2. How profitable is ALC in Q3 2025?

ALC reported net income of $237M in Q3 2025, with a net margin of approximately 9.1%, reflecting strong profitability driven by high gross margins and operational leverage despite rising expenses.

3. What are the largest expense categories for ALC?

The biggest expenses on ALC's income statement are operating expenses, particularly Research & Development (R&D) and Sales, General & Administrative (SG&A) costs. R&D investment reached $250M in Q3 2025, as ALC prioritizes clinical innovations and telehealth.

4. Why does R&D operate at a high cost level?

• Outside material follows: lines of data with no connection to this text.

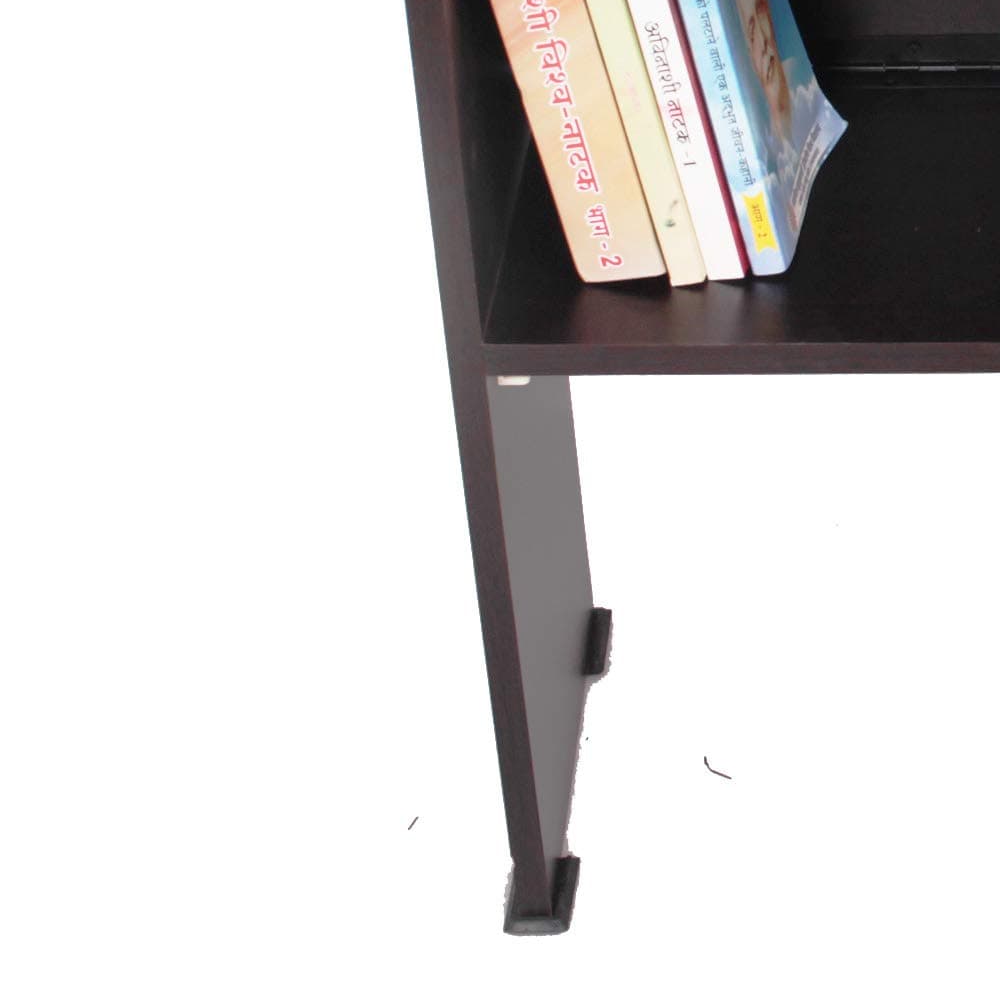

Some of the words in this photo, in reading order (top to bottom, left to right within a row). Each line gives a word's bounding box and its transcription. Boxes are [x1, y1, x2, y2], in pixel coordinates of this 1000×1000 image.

[701, 10, 720, 46] पलटाने
[709, 50, 726, 74] वाली
[644, 20, 682, 95] अविनाशी
[667, 98, 691, 144] नाटक
[717, 73, 729, 91] एक
[586, 204, 610, 238] भाग
[600, 254, 623, 269] 2

R&D, despite supporting revenue growth, contributes to elevated operating expenses with $250M spent in Q3 2025. This is because ALC aggressively invests in program development and research, believing these will drive long-term growthβ€”even if short-term margins are pressured.

5. How does ALC's effective tax rate compare to previous years?

ALC's effective tax rate in Q3 2025 was 16.3%, consistent with previous years. This moderate rate is primarily due to tax benefits from operational structuring and deductions in healthcare investments.